A Lawyer’s Special Responsibility
Thurs. August 1, 2019 \ by Lisa Ann Thomas, Esq. \ Articles, News
Professionalism Committee // “A Lawyer’s Special Responsibility” by Lisa Ann Thomas, Esq. // The Briefs, August 2019 Vol. 87 No. 7. //
The Preamble to Chapter 4 of the Rules Regulating the Florida Bar begins: “A lawyer, as a member of the legal profession, is a representative of clients, an officer of the legal system, and a public citizen having special responsibility for the quality of justice.” As professionals, we often serve multiple masters – the client, a law firm, and our own personal and financial well-being. The client could be an individual who may be facing foreclosure of their home, an individual who has been charged with a crime, an individual who was injured in an accident, or perhaps a corporation that seeks to protect its trademark. A law firm bears the financial responsibility for paying overhead for staff and resources. As the revenue generators, attorneys must ensure they are meeting both the legal needs of the client as well as the financial interests of the firm. In addition, they owe a duty to themselves to balance work and financial stability with their families and home life.
In a recent CLE hosted by the Professionalism Committee and the Young Lawyers Section, Paul Lipton, Esq., of Rumberger Kirk & Caldwell, P.A., and Patricia Ann Savitz, Esq., of The Florida Bar, led a roundtable discussion about the professionalism challenges lawyers face in today’s legal system. In all dealings, our profession demands courtesy and candor. It is one of the tenets of the Oath of Admission to The Florida Bar. Unfortunately, however, most attorneys can share at least one tale of misconduct they have experienced. It was suggested during the seminar that not all misconduct is the result of malintent; rather, it may be the result of a misapplication or a misunderstanding of the law. Young lawyers should not automatically infer a lack of candor. Instead, they should discover a way to rise above the current threat to professionalism.
While our judicial system is inherently adversarial, we do not have to be discourteous to the individuals whose positions we oppose. The Honorable John Marshall Kest has often preached “take a lawyer to lunch.” This simple, yet powerful advice suggests the importance of humanizing your opposing counsel. Getting to know him or her may help you conduct yourself in a more professional manner than if you pass up an opportunity to make a personal connection.
The Rules Regulating the Florida Bar offer guidance on how to maintain professionalism and meet the burden of that “special responsibility for the quality of justice.”
Serving the Client
While not an exhaustive list, attorneys must offer competent legal advice to their clients, communicate with their clients, and protect their clients’ confidentiality.
First, the client-attorney relationship demands competence. R. Regulating Fla. Bar 4-1.1. “Competent representation requires legal knowledge, skill, thoroughness, and preparation reasonably necessary for the representation.” While competence falls under a duty to the client, lawyers owe this duty to the court and their opposing counsel, as well. Whether it is your “reputation” or your “brand,” your name should be synonymous with preparedness.

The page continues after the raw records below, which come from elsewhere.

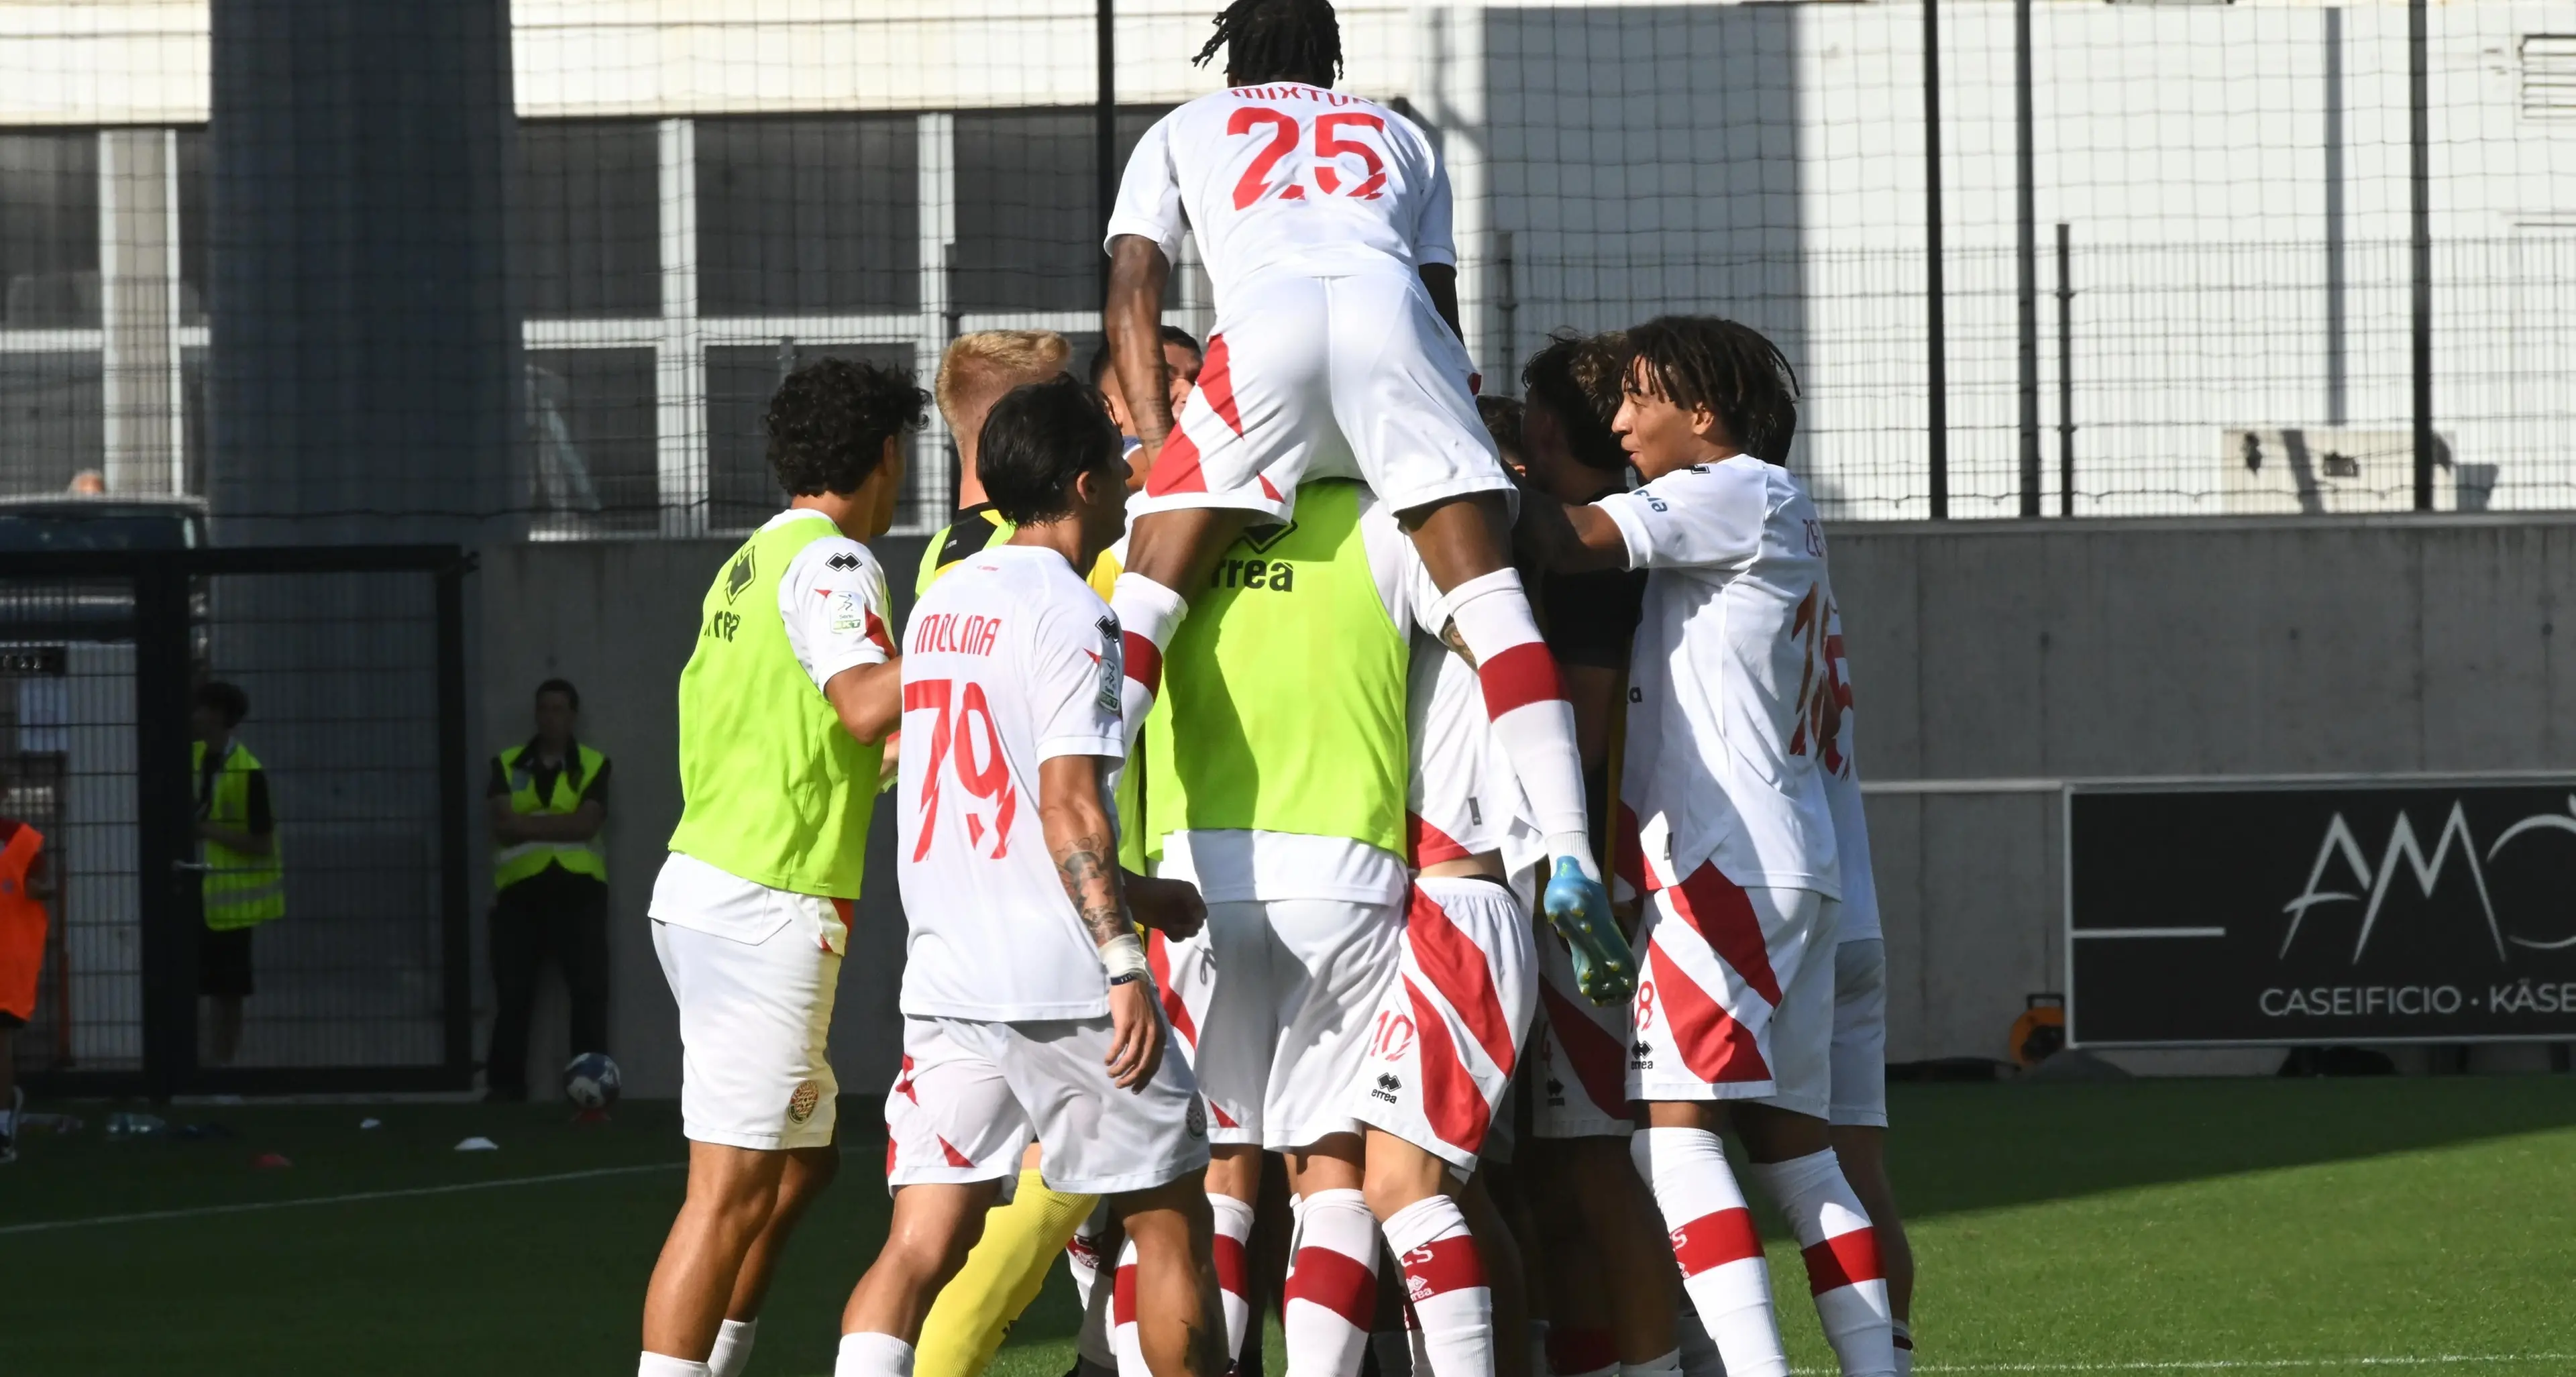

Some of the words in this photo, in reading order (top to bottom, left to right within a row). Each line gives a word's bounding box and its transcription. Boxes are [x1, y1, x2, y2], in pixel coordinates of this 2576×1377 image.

[1227, 107, 1387, 211] 25
[914, 612, 1002, 657] MOLINA
[904, 678, 1016, 864] 79
[2259, 985, 2462, 1017] CASEIFICIO
[1369, 1009, 1415, 1062] 10
[1371, 1088, 1397, 1105] errea

Second, attorneys have a duty to communicate with their clients. R. Regulating Fla. Bar 4-1.4. Attorneys must promptly consult a client regarding the status of their matter such that the client may make an informed decision regarding the representation. It is the lawyer’s duty to develop the legal strategy, but the client must be informed of the decisions and actions the attorney intends to conduct on the client’s behalf.
Finally, lawyers must protect the confidential information of their clients. R. Regulating Fla. Bar 4-1.6. While the lawyer may reveal confidential information under certain circumstances, such as when the information revealed serves the interests of the client, the lawyer must not reveal other information related to the representation without the client’s consent.
Serving the Law Firm
As indicated above, the law firm bears the financial responsibility for overhead. In serving clients’ needs, attorneys simultaneously serve the financial needs of the law firm. In promoting clients’ interests, attorneys are also securing their own financial interest or stake in the firm when considering their career trajectory.
Serving Your Interests
Strive to bring the client’s interests, the law firm’s interests, and your interests in line by considering your motivation. Mr. Lipton suggested asking yourself, “What’s my ‘why?’” So, what is your why? Is it compassion for your client? Is it a resolve to serve the justice system? Is it financial? Is it the desire to provide comfort and support to your family? When considering your “why,” consider how to best serve the profession you have embraced. Be mindful of the many masters you serve, and strive to promote the professionalism this profession demands.
Lisa Ann Thomas, Esq., an associate with Cole, Scott & Kissane, P.A., is vice chair of the OCBA Professionalism Committee. She focuses her practice on workers’ compensation defense. She has been a member of the OCBA since 2016.